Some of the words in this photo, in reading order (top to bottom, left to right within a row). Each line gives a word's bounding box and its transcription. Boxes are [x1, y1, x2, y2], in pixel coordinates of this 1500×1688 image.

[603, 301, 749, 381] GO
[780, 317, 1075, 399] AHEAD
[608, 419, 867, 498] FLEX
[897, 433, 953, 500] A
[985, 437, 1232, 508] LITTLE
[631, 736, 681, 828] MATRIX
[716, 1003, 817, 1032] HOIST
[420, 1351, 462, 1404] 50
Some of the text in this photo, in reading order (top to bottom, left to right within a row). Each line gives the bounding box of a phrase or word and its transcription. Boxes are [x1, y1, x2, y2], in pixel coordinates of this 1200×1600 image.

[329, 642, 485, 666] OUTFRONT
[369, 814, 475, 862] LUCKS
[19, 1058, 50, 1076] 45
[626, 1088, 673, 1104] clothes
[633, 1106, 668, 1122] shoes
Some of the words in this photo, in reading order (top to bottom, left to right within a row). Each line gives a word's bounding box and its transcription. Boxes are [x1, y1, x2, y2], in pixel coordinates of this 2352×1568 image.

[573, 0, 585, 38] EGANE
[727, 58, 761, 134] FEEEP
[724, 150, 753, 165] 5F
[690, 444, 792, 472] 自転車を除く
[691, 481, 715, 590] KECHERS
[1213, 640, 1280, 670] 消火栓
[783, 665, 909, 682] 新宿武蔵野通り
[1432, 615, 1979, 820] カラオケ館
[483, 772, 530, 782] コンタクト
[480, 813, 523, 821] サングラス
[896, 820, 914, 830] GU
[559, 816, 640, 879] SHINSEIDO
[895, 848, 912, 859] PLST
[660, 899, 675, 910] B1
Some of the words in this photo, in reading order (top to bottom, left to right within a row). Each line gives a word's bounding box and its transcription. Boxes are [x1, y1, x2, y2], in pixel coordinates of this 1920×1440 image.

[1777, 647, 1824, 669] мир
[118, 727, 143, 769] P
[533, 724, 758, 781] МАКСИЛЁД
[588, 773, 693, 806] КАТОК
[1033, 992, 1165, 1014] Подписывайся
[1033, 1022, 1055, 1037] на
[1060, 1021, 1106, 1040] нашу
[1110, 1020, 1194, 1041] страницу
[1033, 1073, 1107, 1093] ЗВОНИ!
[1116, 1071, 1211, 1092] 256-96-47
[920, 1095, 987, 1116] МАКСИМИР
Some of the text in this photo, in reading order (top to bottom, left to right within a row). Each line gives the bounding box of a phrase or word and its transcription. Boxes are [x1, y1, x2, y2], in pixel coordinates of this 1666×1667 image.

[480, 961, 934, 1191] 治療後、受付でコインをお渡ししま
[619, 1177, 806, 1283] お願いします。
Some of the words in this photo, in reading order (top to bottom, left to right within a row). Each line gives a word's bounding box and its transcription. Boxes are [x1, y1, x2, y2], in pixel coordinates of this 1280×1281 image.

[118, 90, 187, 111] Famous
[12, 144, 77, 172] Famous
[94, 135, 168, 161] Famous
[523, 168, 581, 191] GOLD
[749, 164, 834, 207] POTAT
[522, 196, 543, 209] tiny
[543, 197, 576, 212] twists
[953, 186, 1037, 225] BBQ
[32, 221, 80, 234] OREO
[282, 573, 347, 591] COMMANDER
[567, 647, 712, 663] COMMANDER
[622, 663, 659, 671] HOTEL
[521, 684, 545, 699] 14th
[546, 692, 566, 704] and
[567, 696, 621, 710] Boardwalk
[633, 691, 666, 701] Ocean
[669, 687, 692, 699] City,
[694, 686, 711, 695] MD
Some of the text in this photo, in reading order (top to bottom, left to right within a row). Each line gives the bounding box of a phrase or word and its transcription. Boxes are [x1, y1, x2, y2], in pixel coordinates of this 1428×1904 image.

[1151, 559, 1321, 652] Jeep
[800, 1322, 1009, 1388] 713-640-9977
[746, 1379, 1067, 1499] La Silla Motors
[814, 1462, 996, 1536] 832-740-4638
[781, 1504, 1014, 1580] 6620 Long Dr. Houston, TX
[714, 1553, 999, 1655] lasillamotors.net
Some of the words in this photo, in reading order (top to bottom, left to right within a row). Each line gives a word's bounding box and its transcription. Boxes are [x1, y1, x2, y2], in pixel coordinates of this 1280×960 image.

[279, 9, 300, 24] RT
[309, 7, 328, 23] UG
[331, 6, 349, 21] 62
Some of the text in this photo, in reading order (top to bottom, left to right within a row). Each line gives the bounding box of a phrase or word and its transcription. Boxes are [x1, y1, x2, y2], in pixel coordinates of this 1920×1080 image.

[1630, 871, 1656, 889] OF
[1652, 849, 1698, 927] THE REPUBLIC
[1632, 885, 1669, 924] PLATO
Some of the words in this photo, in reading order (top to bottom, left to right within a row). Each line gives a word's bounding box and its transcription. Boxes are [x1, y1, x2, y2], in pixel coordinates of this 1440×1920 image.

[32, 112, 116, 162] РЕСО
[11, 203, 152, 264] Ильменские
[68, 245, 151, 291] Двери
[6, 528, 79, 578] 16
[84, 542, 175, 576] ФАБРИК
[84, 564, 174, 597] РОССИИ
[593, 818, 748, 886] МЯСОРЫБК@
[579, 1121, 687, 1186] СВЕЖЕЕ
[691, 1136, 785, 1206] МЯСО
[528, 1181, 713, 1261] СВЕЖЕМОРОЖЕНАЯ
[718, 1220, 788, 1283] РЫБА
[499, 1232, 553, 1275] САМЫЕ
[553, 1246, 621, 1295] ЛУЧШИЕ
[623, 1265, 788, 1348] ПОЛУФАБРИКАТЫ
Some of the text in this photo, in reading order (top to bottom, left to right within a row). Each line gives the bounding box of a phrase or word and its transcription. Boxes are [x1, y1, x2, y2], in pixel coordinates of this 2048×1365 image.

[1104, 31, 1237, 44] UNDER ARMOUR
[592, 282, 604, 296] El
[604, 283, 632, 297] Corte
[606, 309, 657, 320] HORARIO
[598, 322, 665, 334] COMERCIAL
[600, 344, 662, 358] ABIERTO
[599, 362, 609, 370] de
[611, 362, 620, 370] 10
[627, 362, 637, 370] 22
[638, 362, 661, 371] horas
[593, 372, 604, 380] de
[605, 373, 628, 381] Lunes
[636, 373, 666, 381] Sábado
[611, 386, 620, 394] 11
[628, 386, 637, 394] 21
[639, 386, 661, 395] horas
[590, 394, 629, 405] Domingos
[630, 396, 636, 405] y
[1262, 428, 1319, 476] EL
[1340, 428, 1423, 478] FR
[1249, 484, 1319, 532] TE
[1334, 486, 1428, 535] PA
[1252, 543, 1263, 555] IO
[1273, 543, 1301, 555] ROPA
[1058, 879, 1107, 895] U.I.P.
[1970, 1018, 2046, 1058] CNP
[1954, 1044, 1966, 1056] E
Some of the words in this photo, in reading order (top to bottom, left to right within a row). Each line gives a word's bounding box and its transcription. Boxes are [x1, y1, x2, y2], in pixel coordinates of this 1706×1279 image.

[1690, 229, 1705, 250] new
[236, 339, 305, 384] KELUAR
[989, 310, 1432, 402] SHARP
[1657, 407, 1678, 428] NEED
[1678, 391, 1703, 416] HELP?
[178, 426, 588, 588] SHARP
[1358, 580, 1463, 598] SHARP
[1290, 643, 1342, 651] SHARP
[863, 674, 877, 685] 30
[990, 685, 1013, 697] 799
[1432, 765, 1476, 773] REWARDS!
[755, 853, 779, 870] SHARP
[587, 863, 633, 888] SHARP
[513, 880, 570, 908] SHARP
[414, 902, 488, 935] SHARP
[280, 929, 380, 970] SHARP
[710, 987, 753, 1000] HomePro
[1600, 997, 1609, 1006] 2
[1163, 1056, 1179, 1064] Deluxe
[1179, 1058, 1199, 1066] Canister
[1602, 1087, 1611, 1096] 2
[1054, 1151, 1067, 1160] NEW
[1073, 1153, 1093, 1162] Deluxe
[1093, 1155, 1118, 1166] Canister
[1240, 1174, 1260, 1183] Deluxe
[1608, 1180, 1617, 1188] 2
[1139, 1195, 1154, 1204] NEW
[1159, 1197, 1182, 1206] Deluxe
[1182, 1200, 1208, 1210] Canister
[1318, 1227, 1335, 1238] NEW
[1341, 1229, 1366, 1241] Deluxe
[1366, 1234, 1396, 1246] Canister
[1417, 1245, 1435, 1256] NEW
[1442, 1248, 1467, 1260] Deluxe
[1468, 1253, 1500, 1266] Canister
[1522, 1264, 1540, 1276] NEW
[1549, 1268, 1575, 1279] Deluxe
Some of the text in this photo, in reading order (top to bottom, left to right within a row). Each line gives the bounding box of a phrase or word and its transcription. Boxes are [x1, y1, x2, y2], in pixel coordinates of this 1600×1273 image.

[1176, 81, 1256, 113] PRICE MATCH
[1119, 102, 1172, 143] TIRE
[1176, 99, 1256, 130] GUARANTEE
####################
Exercise details: Output must be limited to the lines beginning with the one that contains "this 1600×1273 image." and ending with the last line of the entries, reproduced exactly.

Solution:
Some of the text in this photo, in reading order (top to bottom, left to right within a row). Each line gives the bounding box of a phrase or word and its transcription. Boxes are [x1, y1, x2, y2], in pixel coordinates of this 1600×1273 image.

[1176, 81, 1256, 113] PRICE MATCH
[1119, 102, 1172, 143] TIRE
[1176, 99, 1256, 130] GUARANTEE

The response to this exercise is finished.